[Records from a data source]
+ + + + +

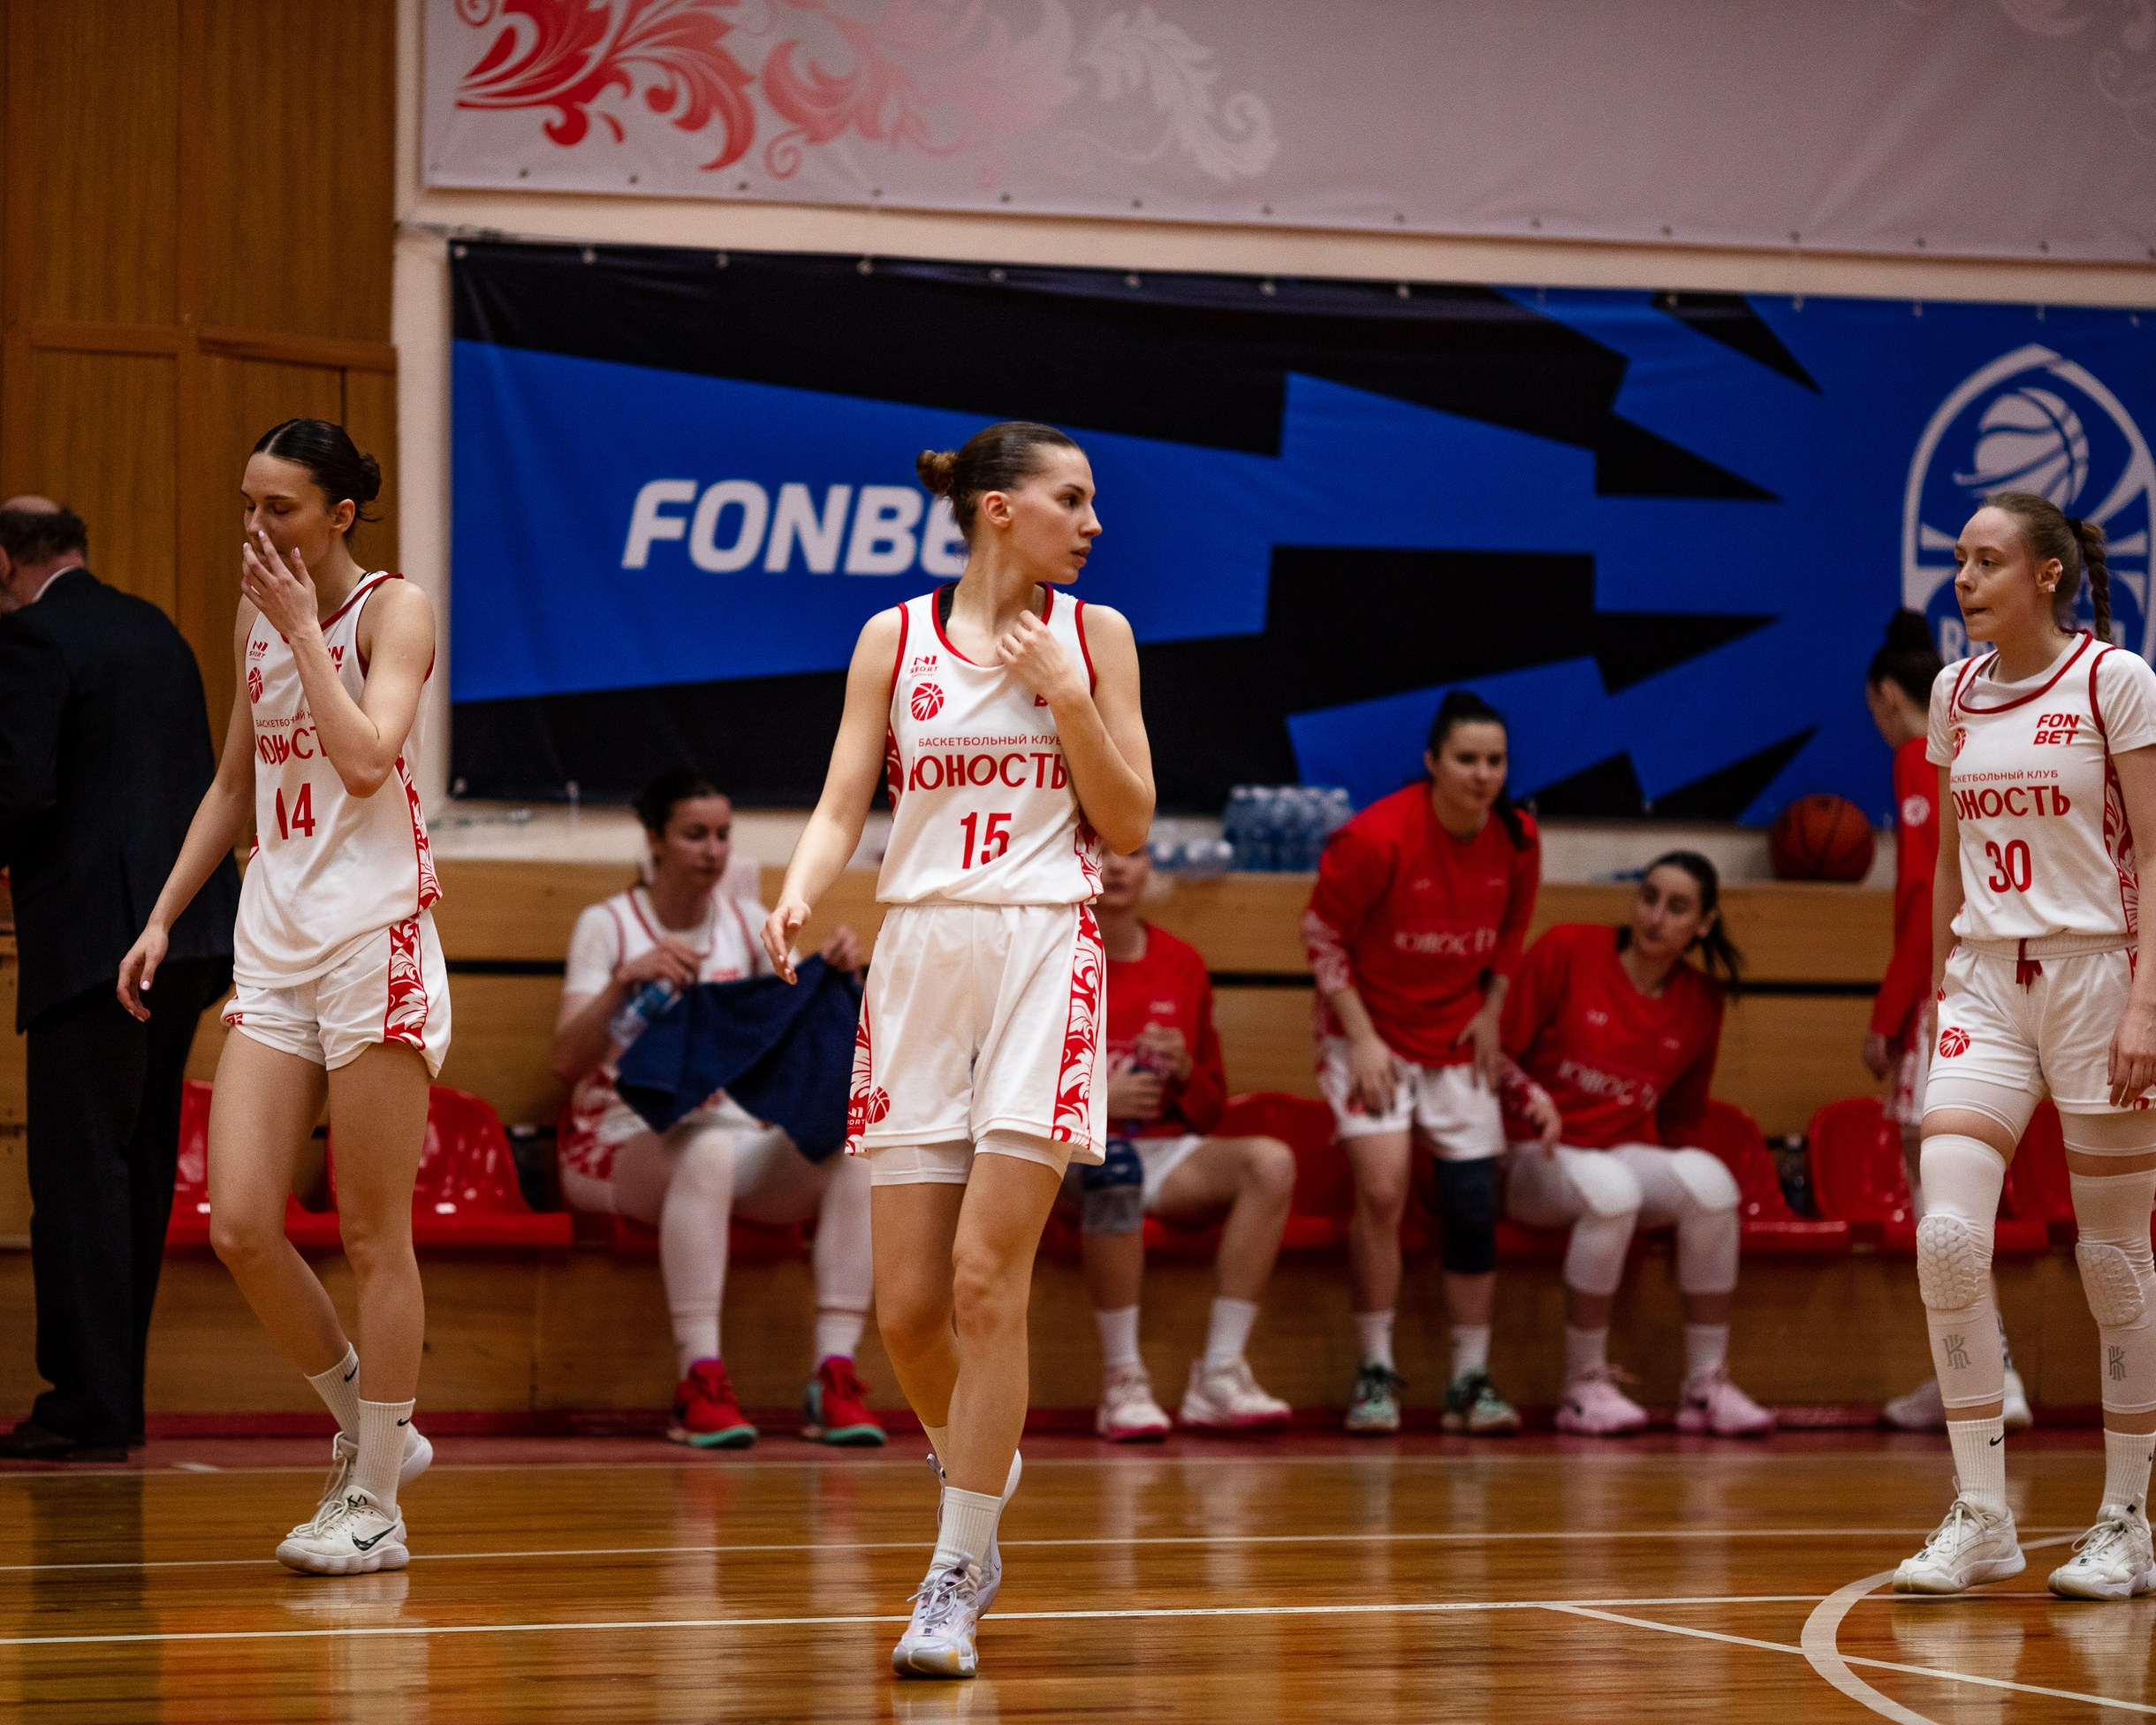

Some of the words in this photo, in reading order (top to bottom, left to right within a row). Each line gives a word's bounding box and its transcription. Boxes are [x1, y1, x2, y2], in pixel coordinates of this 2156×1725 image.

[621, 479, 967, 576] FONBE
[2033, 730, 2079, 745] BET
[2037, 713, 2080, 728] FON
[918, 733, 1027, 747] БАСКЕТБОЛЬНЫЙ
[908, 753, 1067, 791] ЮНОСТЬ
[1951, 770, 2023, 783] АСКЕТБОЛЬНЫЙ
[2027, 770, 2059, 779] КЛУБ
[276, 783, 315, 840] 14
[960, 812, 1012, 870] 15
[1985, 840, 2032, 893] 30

+ + + + +

## WHAT TO WORK ON
The entries above need to be transcribed word for word, and the pictures stay out.

## TASK OUTPUT
Some of the words in this photo, in reading order (top to bottom, left to right within a row). Each line gives a word's bounding box and its transcription. Boxes are [x1, y1, x2, y2], in pixel coordinates of this 2156×1725 image.

[621, 479, 967, 576] FONBE
[2033, 730, 2079, 745] BET
[2037, 713, 2080, 728] FON
[918, 733, 1027, 747] БАСКЕТБОЛЬНЫЙ
[908, 753, 1067, 791] ЮНОСТЬ
[1951, 770, 2023, 783] АСКЕТБОЛЬНЫЙ
[2027, 770, 2059, 779] КЛУБ
[276, 783, 315, 840] 14
[960, 812, 1012, 870] 15
[1985, 840, 2032, 893] 30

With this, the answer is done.